This is a follow on to a previous post –  Is this the Person of the Century? The TERRIFYING Implications of CRISPR/Cas9.

From New York Times online 31 December 2015:

Gene Editing Offers Hope for Treating Duchenne Muscular Dystrophy, Studies Find

Duchenne muscular dystrophy is a progressive muscle-wasting disease that affects boys, putting them in wheelchairs by age 10, followed by an early death from heart failure or breathing difficulties. The disease is caused by defects in a gene that encodes a protein called dystrophin, which is essential for proper muscle function.

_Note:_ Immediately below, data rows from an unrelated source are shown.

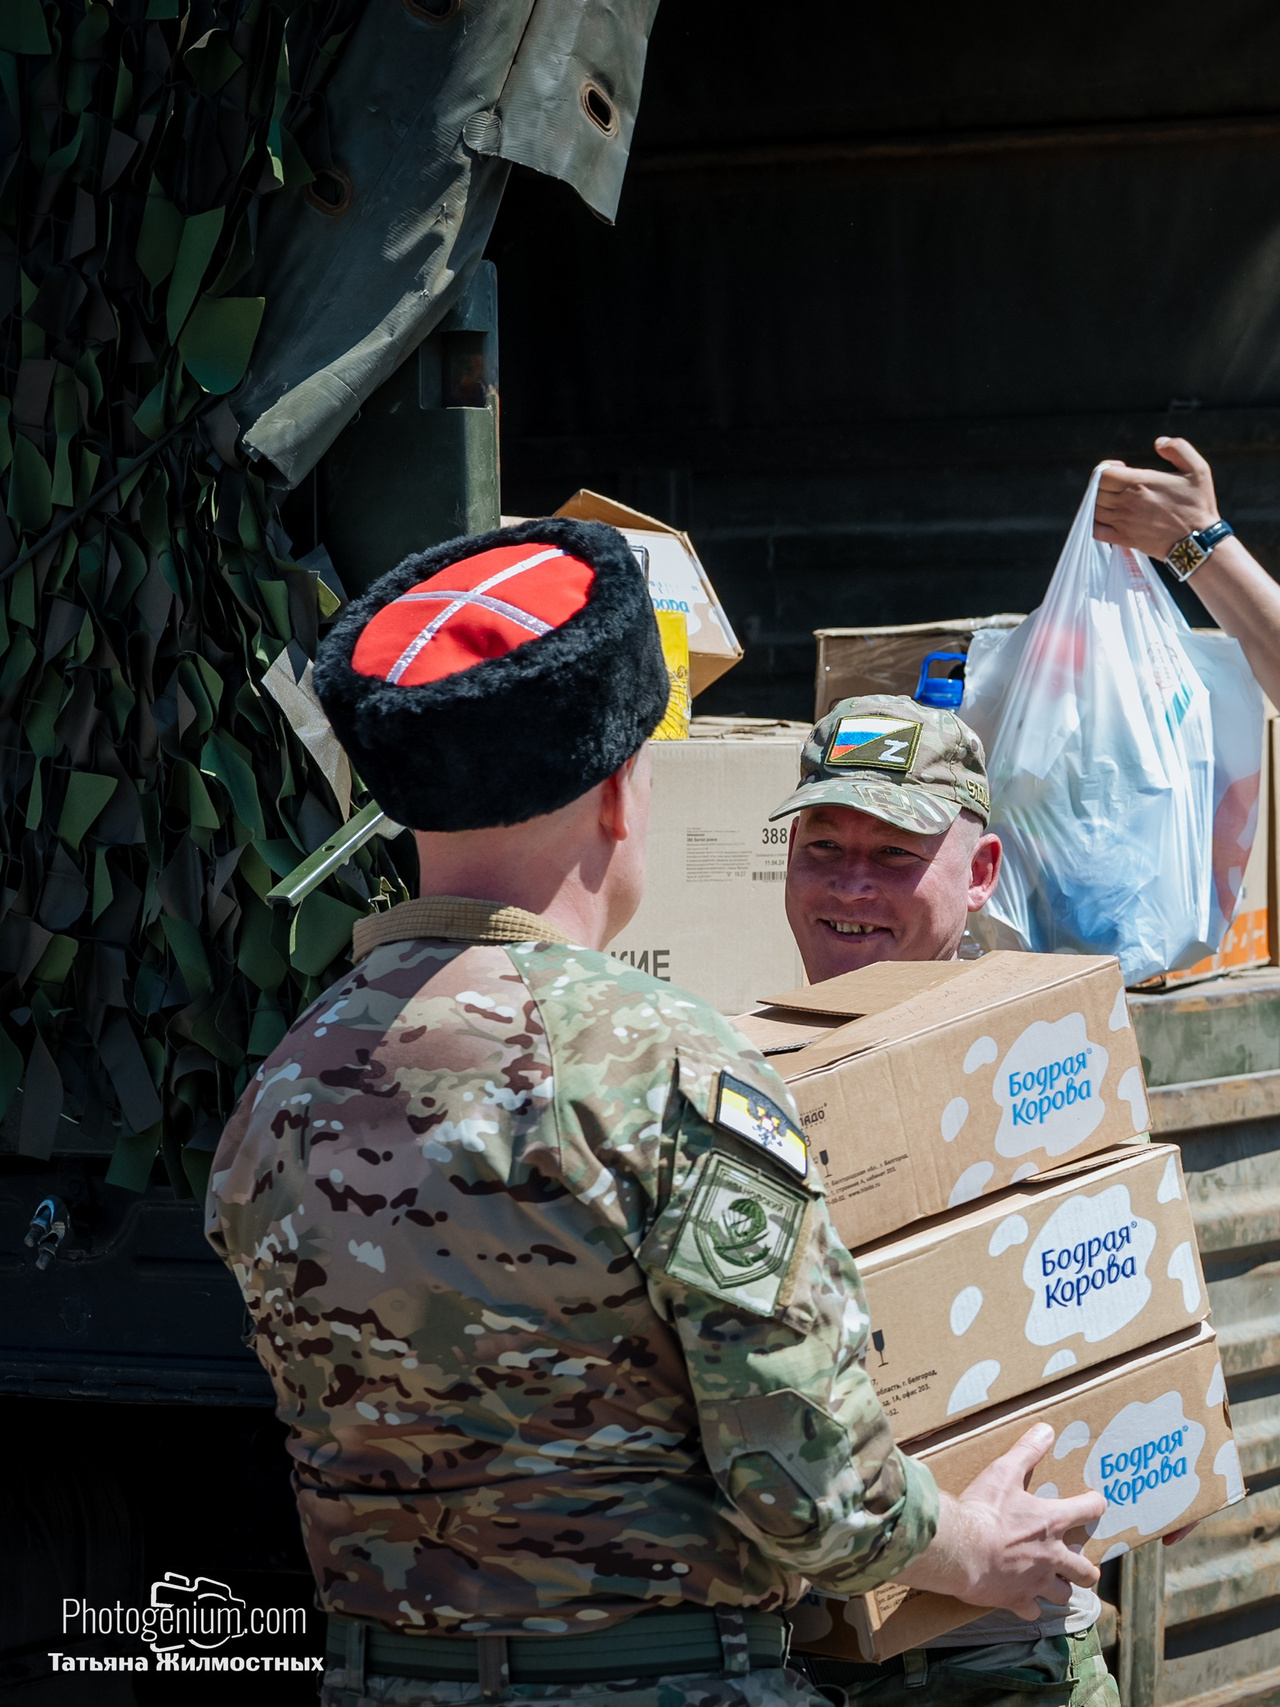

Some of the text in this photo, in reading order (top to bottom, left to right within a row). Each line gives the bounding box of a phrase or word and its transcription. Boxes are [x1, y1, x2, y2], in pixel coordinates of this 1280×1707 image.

[878, 739, 909, 762] Z
[762, 828, 788, 844] 388
[1012, 1077, 1091, 1126] Корова
[1045, 1254, 1137, 1309] Корова
[902, 1389, 918, 1399] офис
[1104, 1455, 1187, 1507] Корова

…gene therapy — the idea of curing a genetic disease by inserting the correct gene into damaged cells — is making a comeback. A new technique, known as Crispr-Cas9, lets researchers cut the DNA of chromosomes at selected sites to remove or insert segments.


Three research groups, working independently of one another, reported in the journal Science on Thursday that they had used the Crispr-Cas9 technique to treat mice with a defective dystrophin gene. Each group loaded the DNA-cutting system onto a virus that infected the mice’s muscle cells, and excised from the gene a defective stretch of DNA known as an exon.

BOTTOM LINE: Three groups of medical researchers succeeded in repairing defective genes in muscle cells. At least in mice it worked. The three are The Gersbach Lab at Duke University led by Charles A. Gersbach, The Olson Laboratory at University of Texas Southwestern Medical Center  and the Wagers Laboratory, leader Amy J. Wagers, at Harvard University.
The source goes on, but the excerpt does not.